研究人员以E. coli BW25113及AB1157来源的ΔrecA、ΔrecN及ΔrecA ΔrecN缺陷株为材料，构建含E. coli 天然recN启动子驱动的外源recN（Haemophilus influenzae hiRecN、P. aeruginosa paRecN及密码子优化版paRecN⁺）及recA启动子驱动的ecRecA/paRecA表达质粒；通过PCR随机诱变建立paRecN突变体库并筛选丝裂霉素C（mitomycin C, MMC）抗性获得功能突变体；采用斑点法测定MMC敏感性、活细胞DAPI染色结合荧光显微镜观察拟核形态及RecN-GFP/RecN-Lk-GFP融合蛋白在损伤诱导下的拟核相关聚焦（foci）形成；通过Western blot检测蛋白表达水平；利用AlphaFold2预测paRecN三维结构；纯化C端His标签标记的RecN及ecRecA，进行Co²⁺磁珠pull-down实验检测RecA–RecN物理互作。

将hiRecN（流感嗜血杆菌RecN，与ecRecN序列同一性较高）和paRecN（铜绿假单胞菌RecN，同一性较低）在E. coli ΔrecN中于E. coli recN启动子下表达。hiRecN完全恢复MMC抗性至野生型水平，paRecN仅部分恢复MMC抗性（存活率显著低于ecRecN）。表明paRecN在大肠杆菌中保留了一定功能但无法达到完全的DSB修复效率。
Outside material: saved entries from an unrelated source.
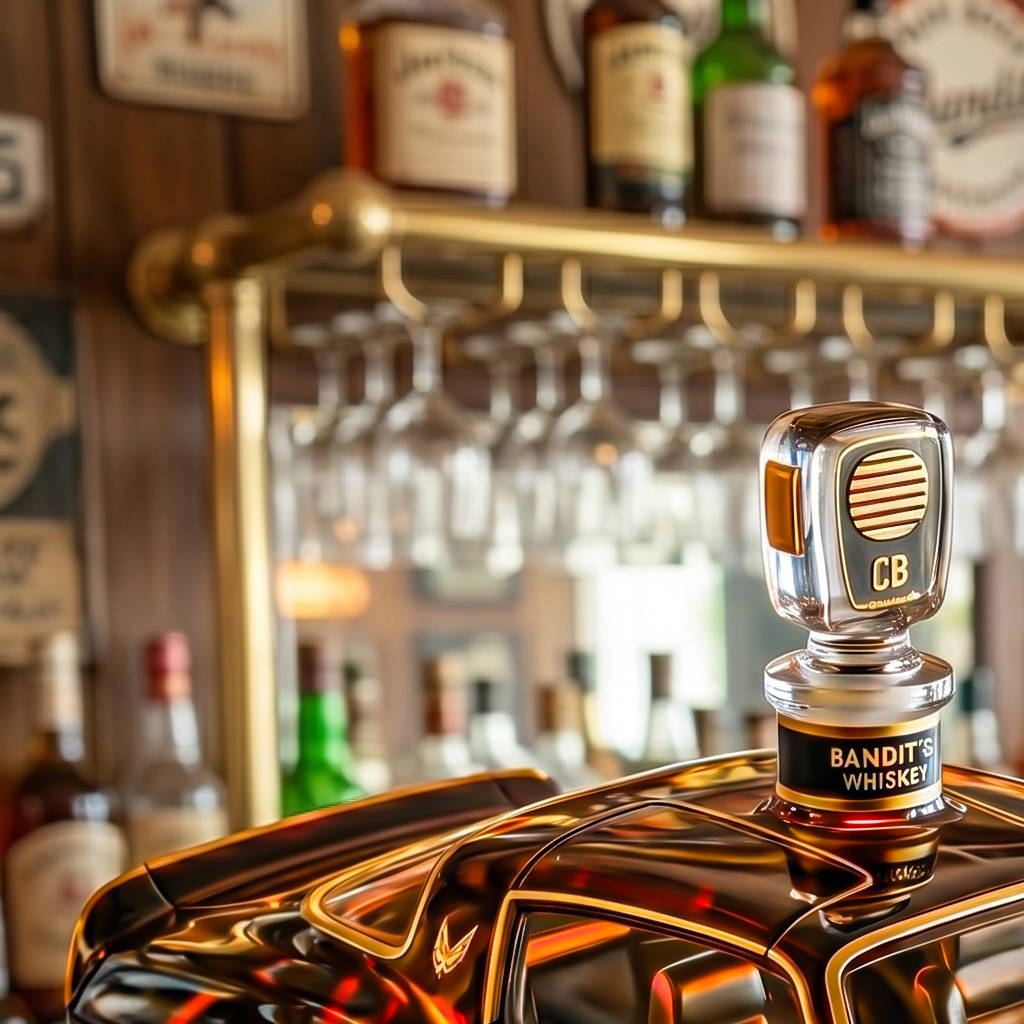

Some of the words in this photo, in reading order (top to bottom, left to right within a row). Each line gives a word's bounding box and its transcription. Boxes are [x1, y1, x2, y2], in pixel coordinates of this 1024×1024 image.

[872, 554, 909, 592] CB
[829, 737, 934, 769] BANDIT'S
[842, 764, 928, 791] WHISKEY
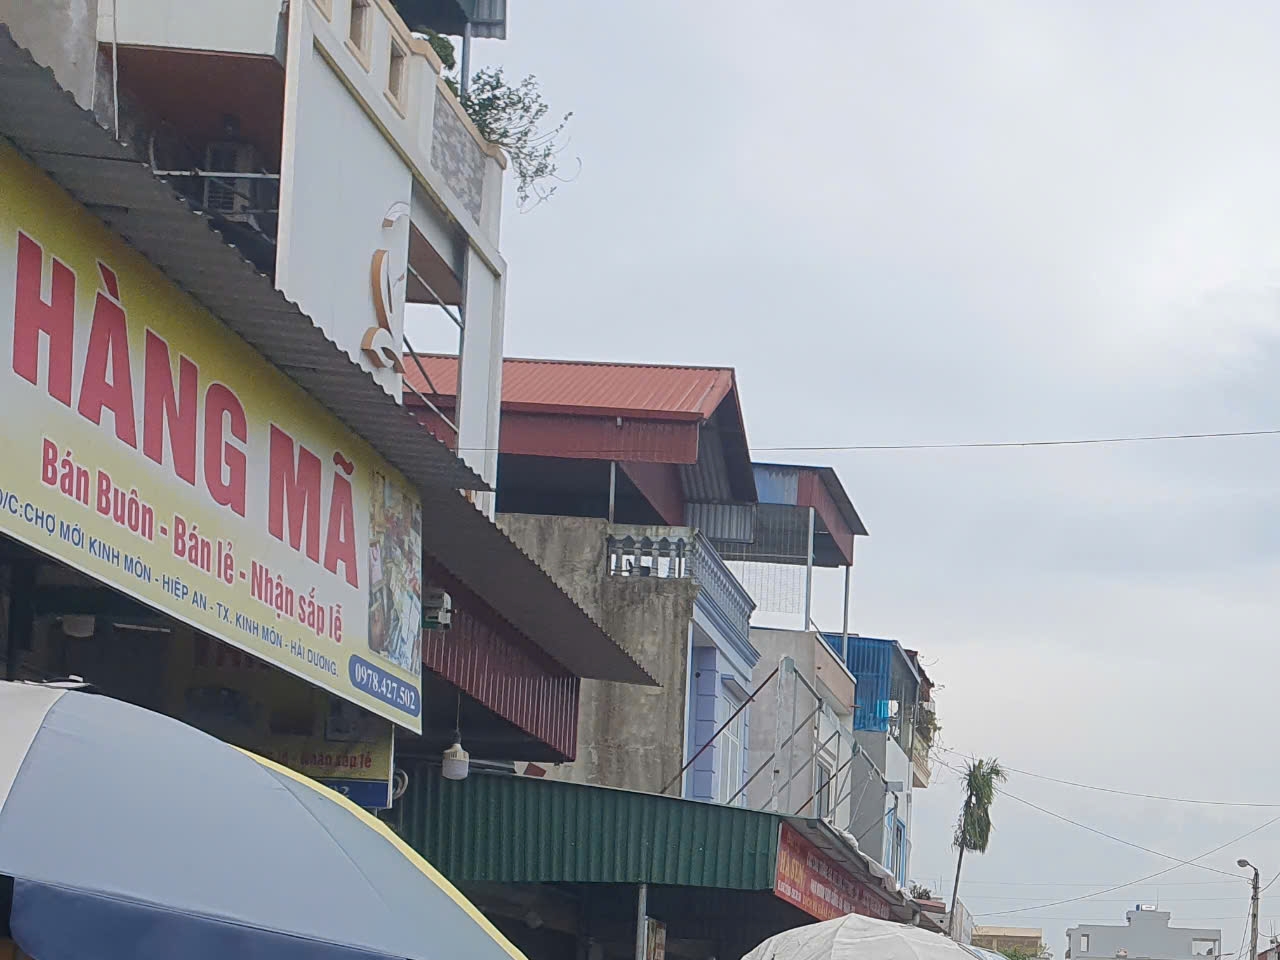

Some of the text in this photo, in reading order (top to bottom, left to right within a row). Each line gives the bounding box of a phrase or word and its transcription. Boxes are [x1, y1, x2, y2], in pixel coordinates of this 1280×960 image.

[13, 230, 359, 589] HÀNG MÃ
[0, 489, 56, 537] /C:CHỢ
[59, 520, 85, 549] MỚI
[89, 537, 120, 567] KINH
[124, 554, 152, 583] MÔN
[162, 574, 189, 601] HIỆP
[192, 590, 207, 611] AN
[216, 601, 233, 625] TX.
[235, 613, 259, 636] KINH
[261, 626, 283, 648] MÔN
[291, 637, 305, 660] HẢI
[42, 437, 90, 506] Bán
[97, 470, 153, 541] Buôn
[173, 515, 211, 573] Bán
[216, 540, 234, 585] lẻ
[251, 560, 294, 619] Nhận
[298, 587, 325, 636] sắp
[329, 604, 342, 644] lễ
[354, 662, 416, 710] 0978.427.502
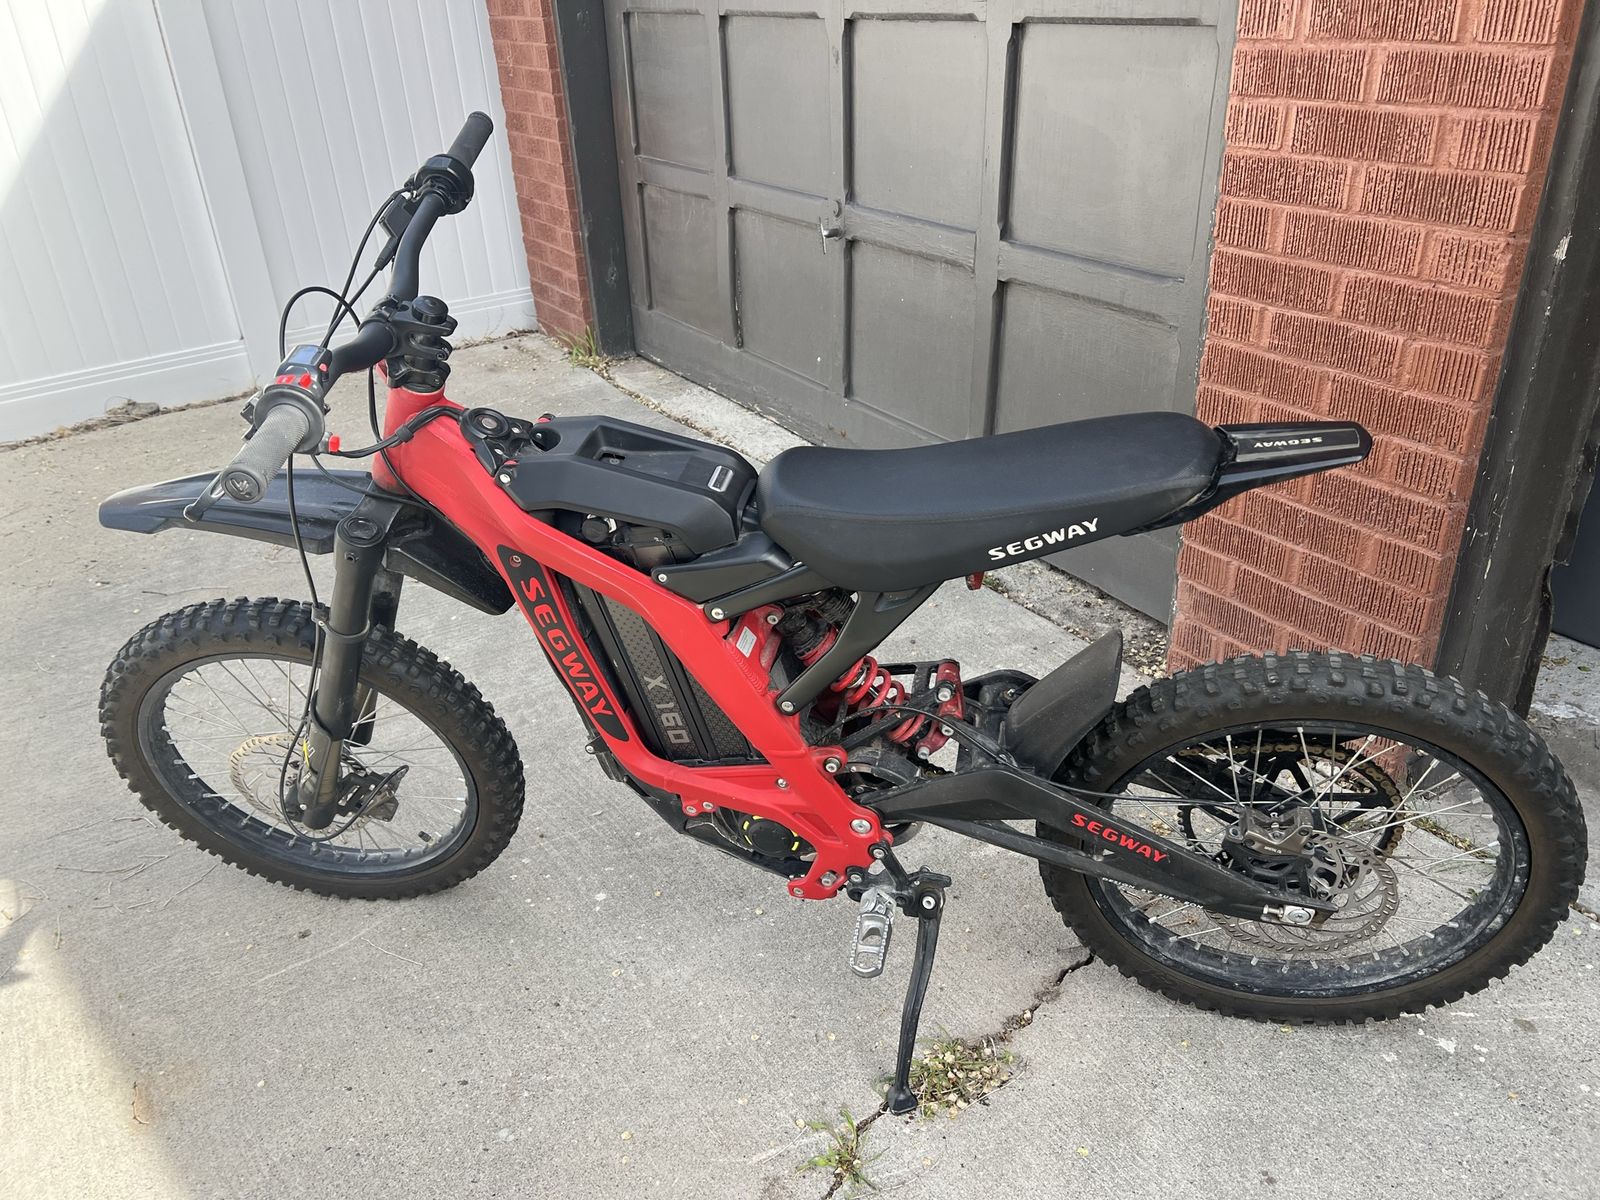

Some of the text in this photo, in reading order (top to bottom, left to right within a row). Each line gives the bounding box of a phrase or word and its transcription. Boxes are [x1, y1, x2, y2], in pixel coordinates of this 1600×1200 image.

[1254, 436, 1323, 448] SEGWAY
[987, 517, 1098, 561] SEGWAY
[521, 576, 614, 717] SEGWAY
[1070, 813, 1167, 863] SEGWAY
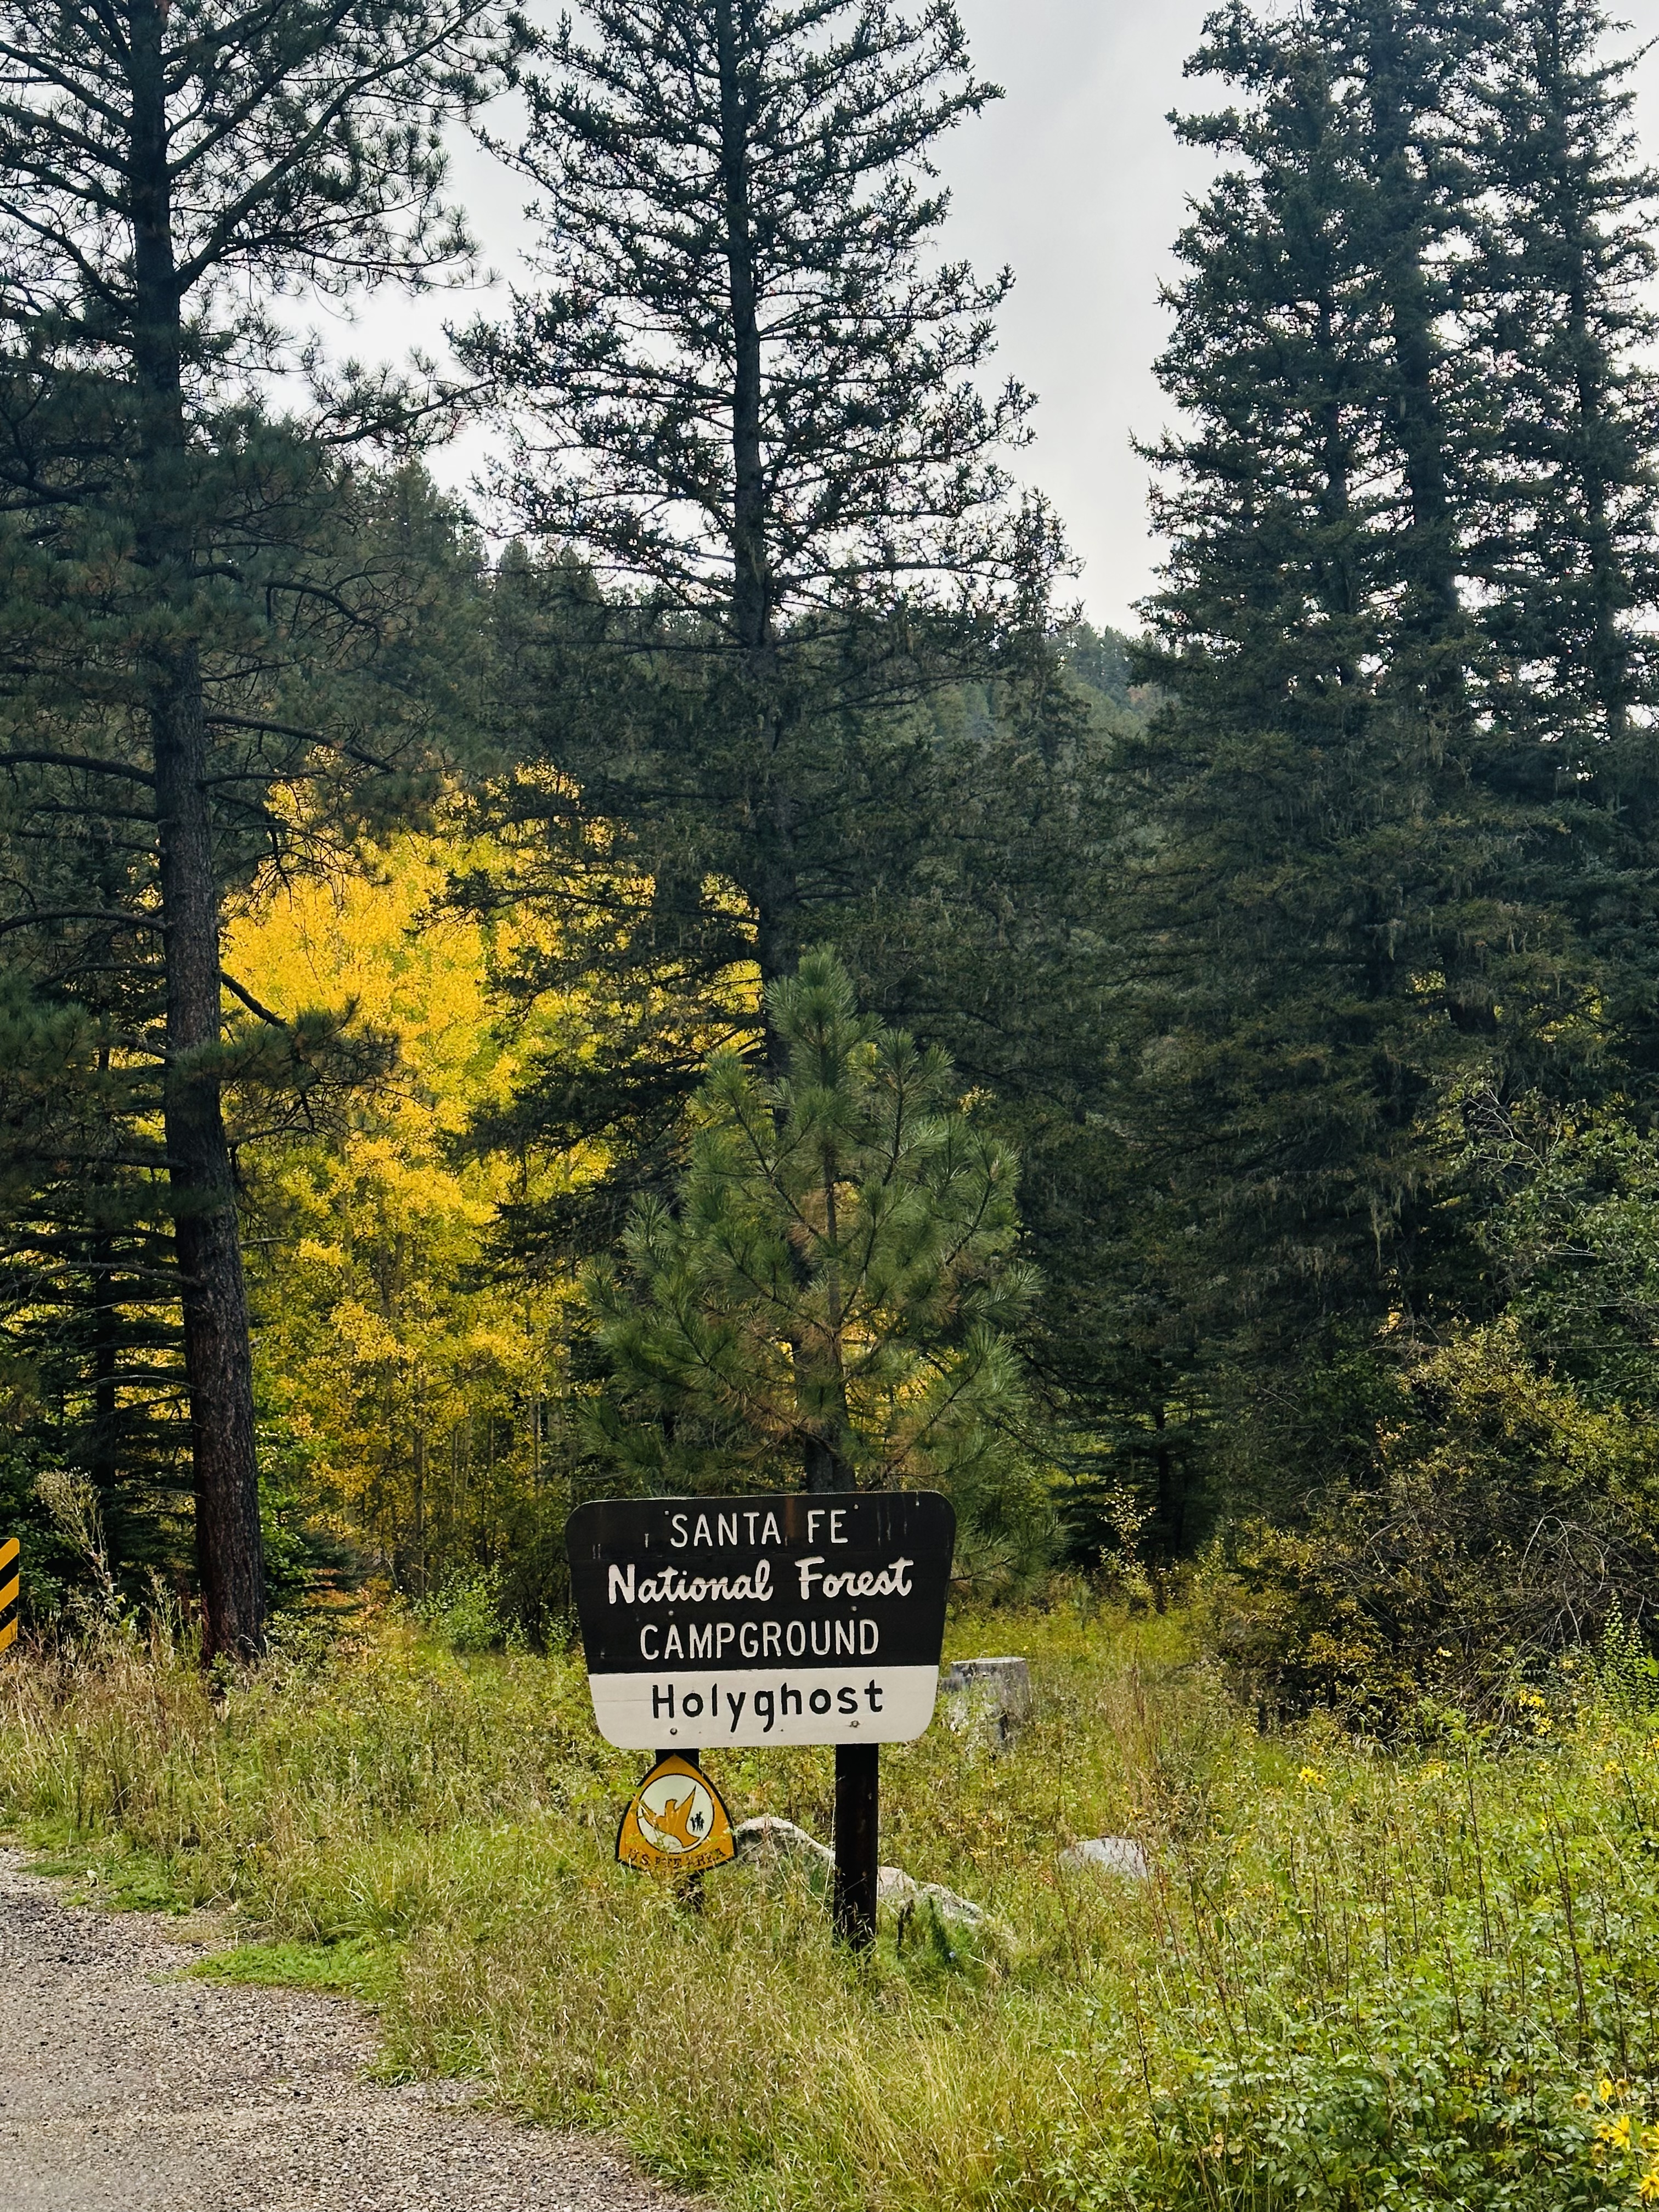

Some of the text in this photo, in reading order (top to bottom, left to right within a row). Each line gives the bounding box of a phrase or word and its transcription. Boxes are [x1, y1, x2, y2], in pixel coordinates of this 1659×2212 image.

MMC处理后，ΔrecN空载体对照出现严重细胞丝化及拟核碎裂（≥3个拟核碎片/细胞比例达70%），ecRecN表达株维持正常1–2个延伸拟核，paRecN表达株碎裂拟核比例降至38%。说明paRecN可部分维持DSB胁迫下的拟核完整性，功能弱于ecRecN。

首先验证paRecA在ΔrecA中可诱导SOS响应（RecN诱导水平同ecRecA），但MMC抗性仅部分恢复，提示paRecA在大肠杆菌HR修复中存在缺陷。在ΔrecA ΔrecN双缺陷株中，ecRecA+paRecN或paRecA+ecRecN组合均只得到部分MMC抗性；而paRecA与paRecN共表达时MMC存活率显著恢复，接近ecRecA+ecRecN水平，且该表型在不同遗传背景下一致。表明paRecN与同源paRecA互作效率高于与异源ecRecA的互作，存在种属特异性兼容。

荧光显微镜显示，paRecA+paRecN共表达细胞经MMC处理后拟核形态与ecRecA+ecRecN无异（伸长、排列规整、1–2个/细胞）；ecRecA+paRecN组合则出现拟核碎裂类似ΔrecN表型；paRecA+ecRecN组合细胞丝化且拟核中央凝聚，提示重组中间体未有效解离。此外paRecA能招募ecRecN形成拟核相关foci，说明其可启动早期HR步骤但可能无法充分支持后期与异源RecN的协同作用。证实功能性DSB修复依赖种属匹配的RecA–RecN互作。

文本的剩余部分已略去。